WHAT IS REQUIRED
Transcribe every record verbatim; no pictures.
___ DATA RECORDS
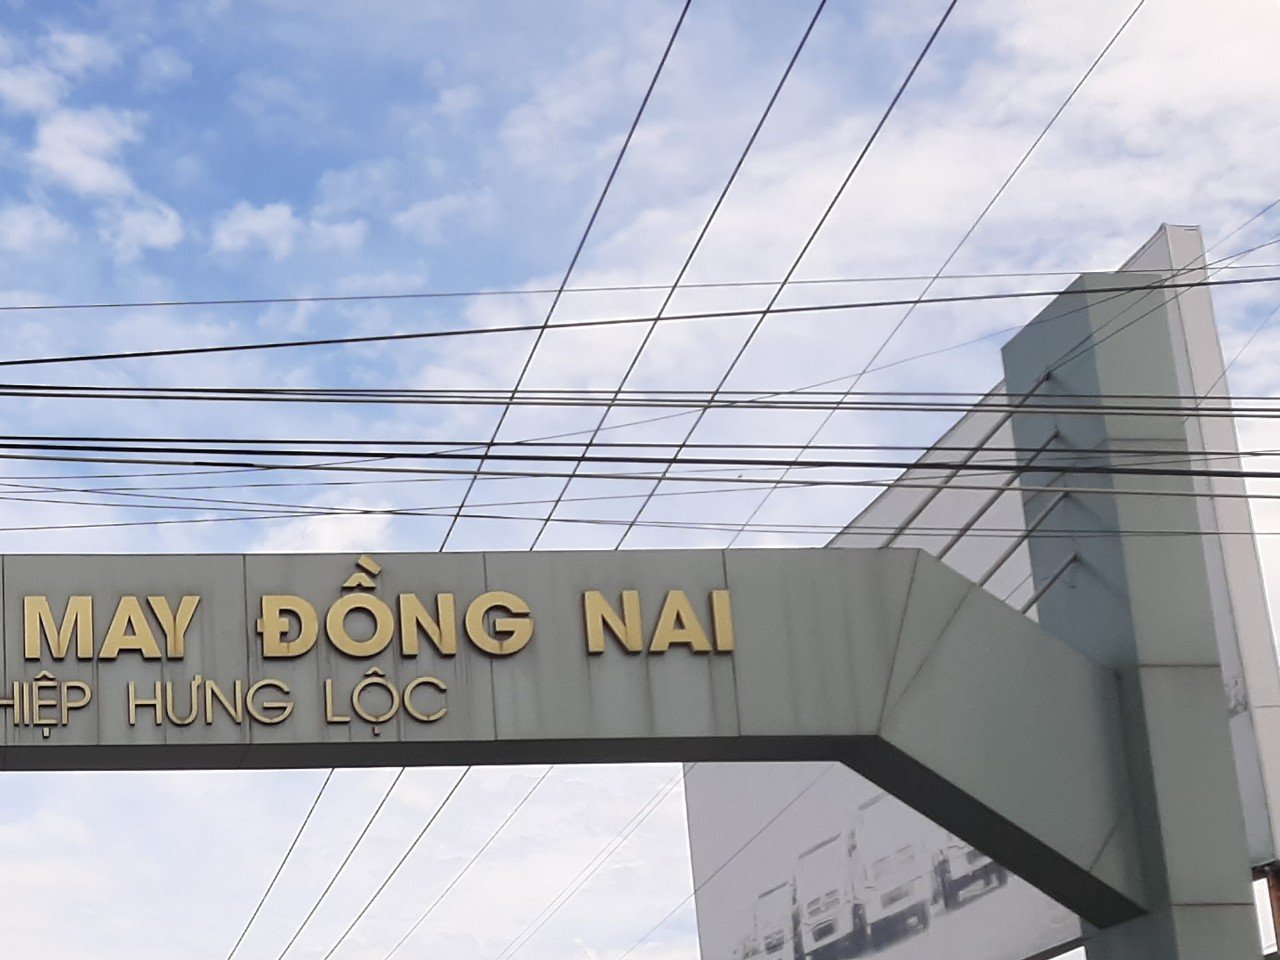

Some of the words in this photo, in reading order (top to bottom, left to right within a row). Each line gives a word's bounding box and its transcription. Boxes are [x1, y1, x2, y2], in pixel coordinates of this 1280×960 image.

[23, 595, 200, 660] MAY
[257, 554, 534, 658] ĐỒNG
[584, 589, 736, 655] NAI
[128, 673, 295, 726] HƯNG
[325, 666, 448, 736] LỘC
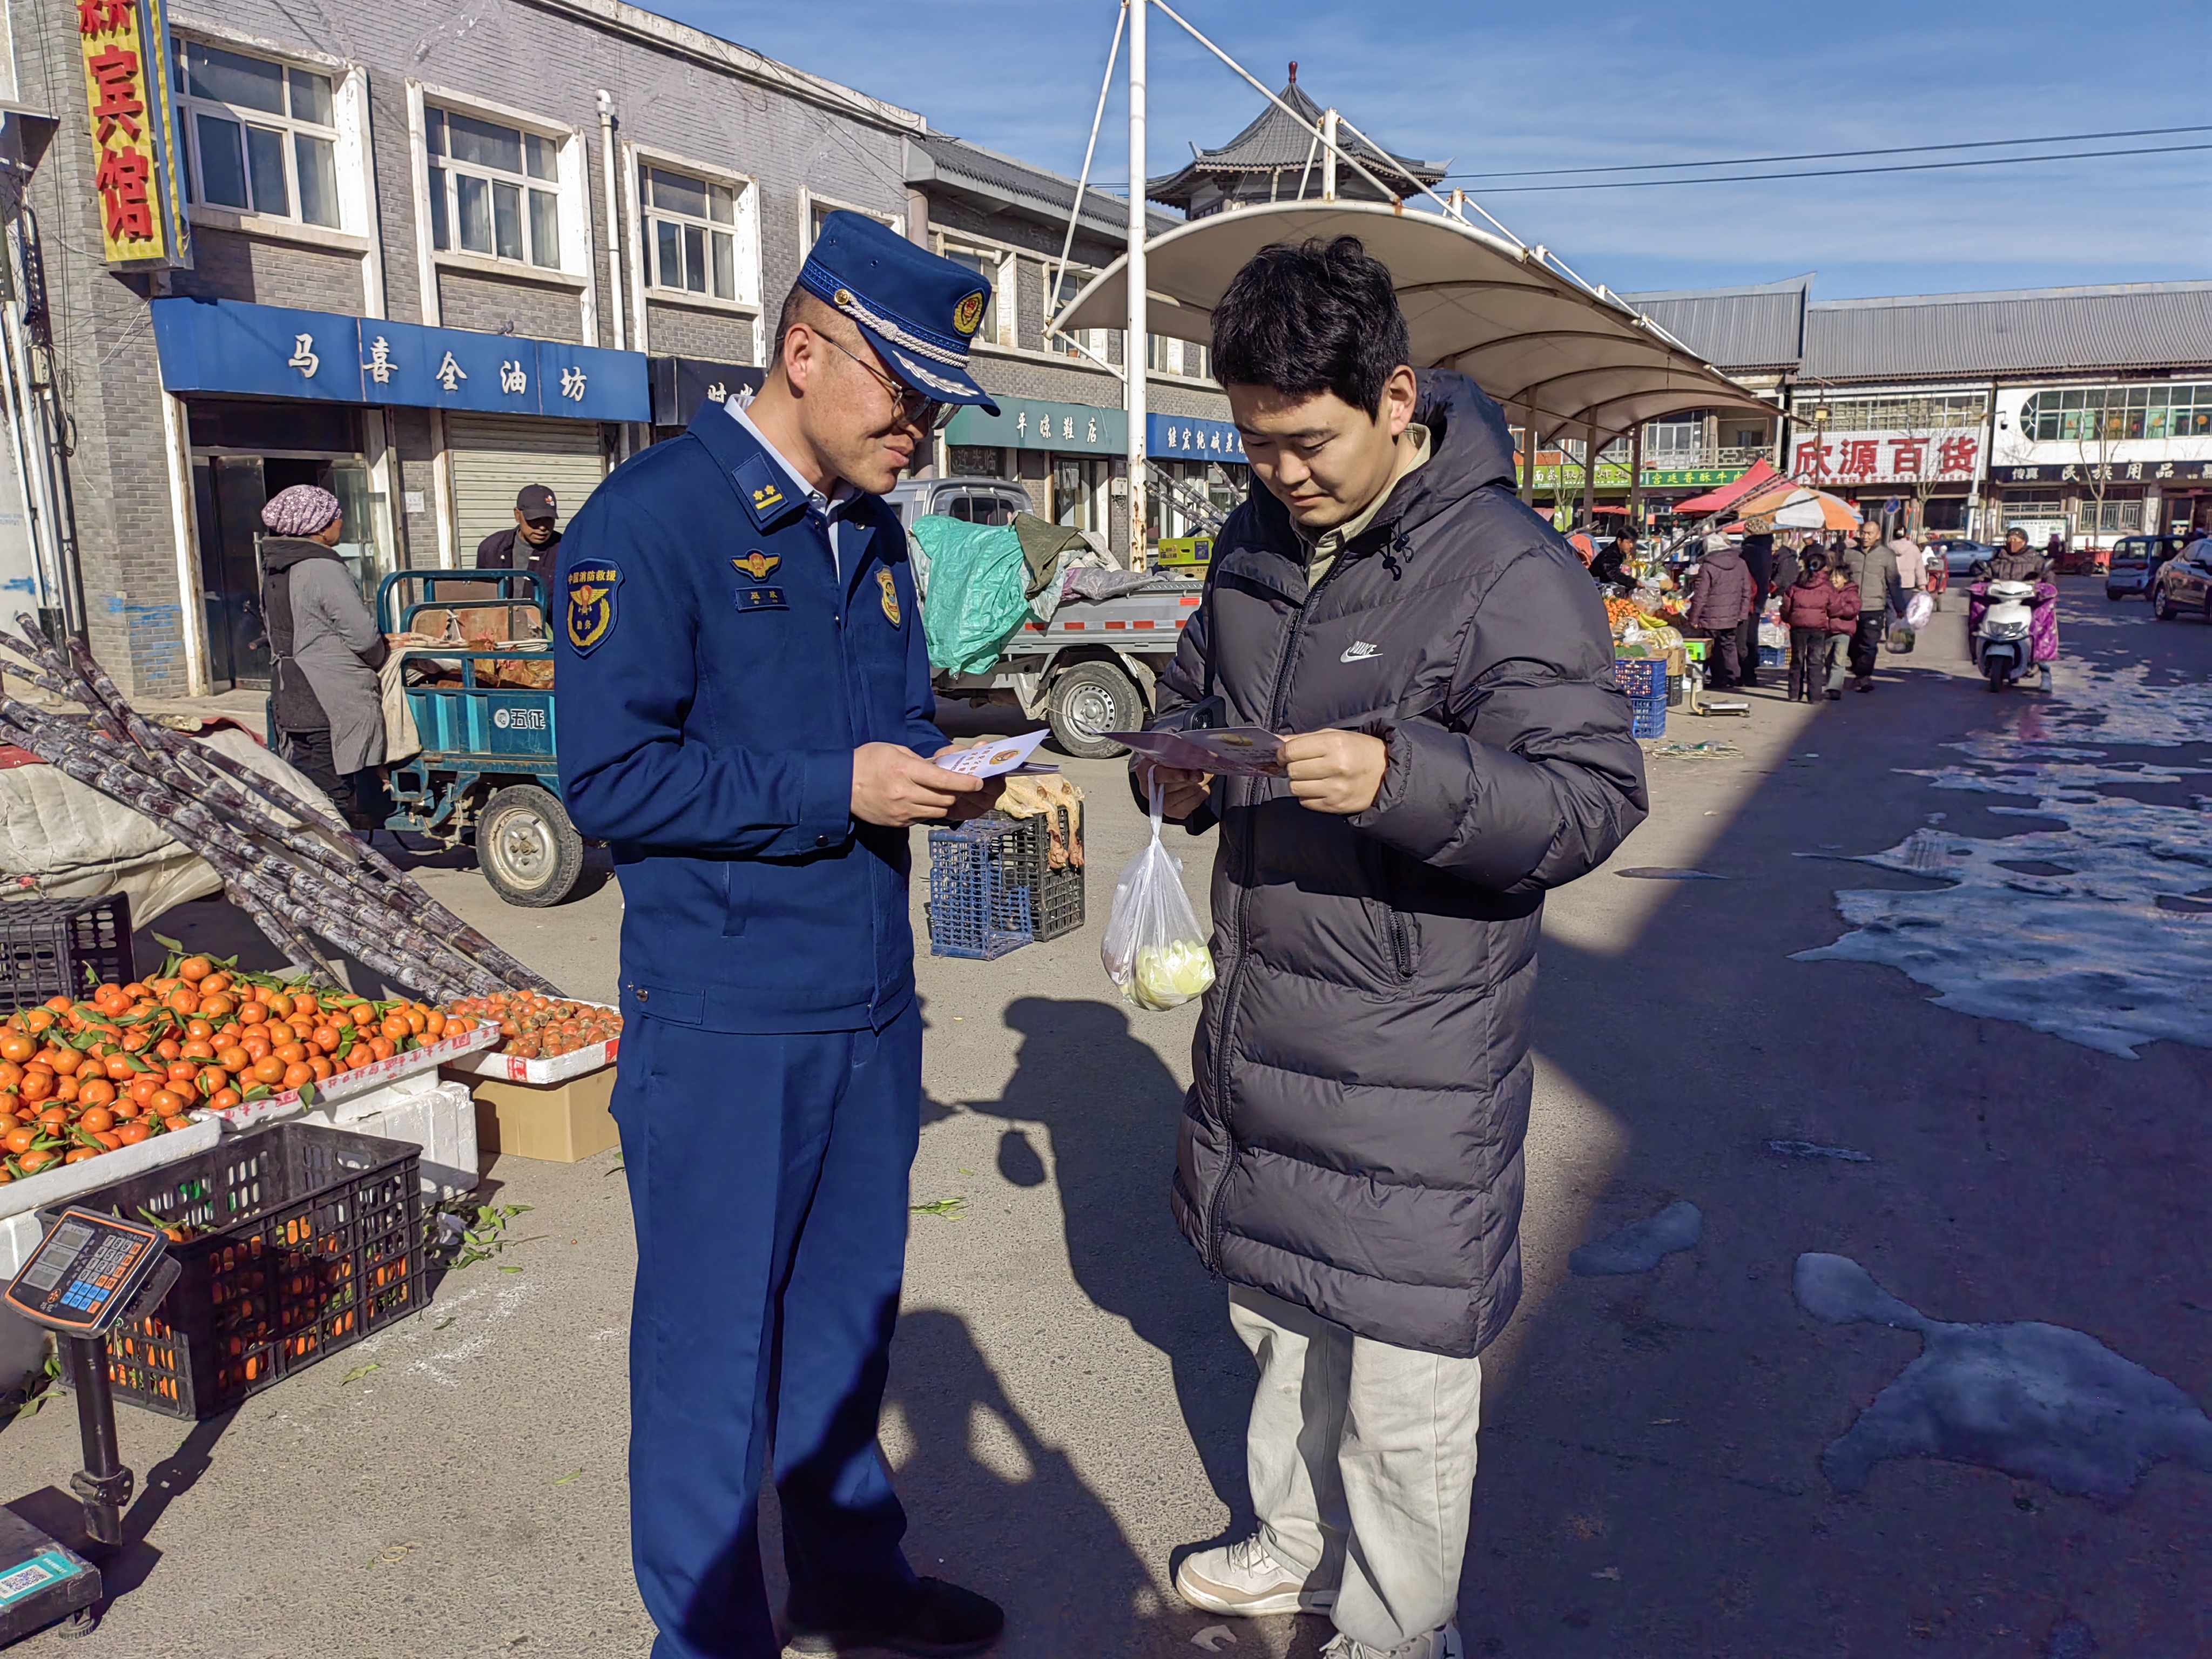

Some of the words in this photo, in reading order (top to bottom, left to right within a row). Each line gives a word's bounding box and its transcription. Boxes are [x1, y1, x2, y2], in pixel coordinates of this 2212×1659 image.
______
SOLUTION FOR THIS TASK
Some of the words in this photo, in reading order (top to bottom, left to right within a row). Each line gives a word's bounding box and its transcription. Boxes are [x1, y1, x2, y2], in pixel coordinates of this 1280×960 image.

[23, 595, 200, 660] MAY
[257, 554, 534, 658] ĐỒNG
[584, 589, 736, 655] NAI
[128, 673, 295, 726] HƯNG
[325, 666, 448, 736] LỘC

Some of the words in this photo, in reading order (top to bottom, left to right within a row). Each line gives a word's bounding box and its transcription. Boxes are [x1, y1, x2, y2], in pixel coordinates of this 2212×1659 image.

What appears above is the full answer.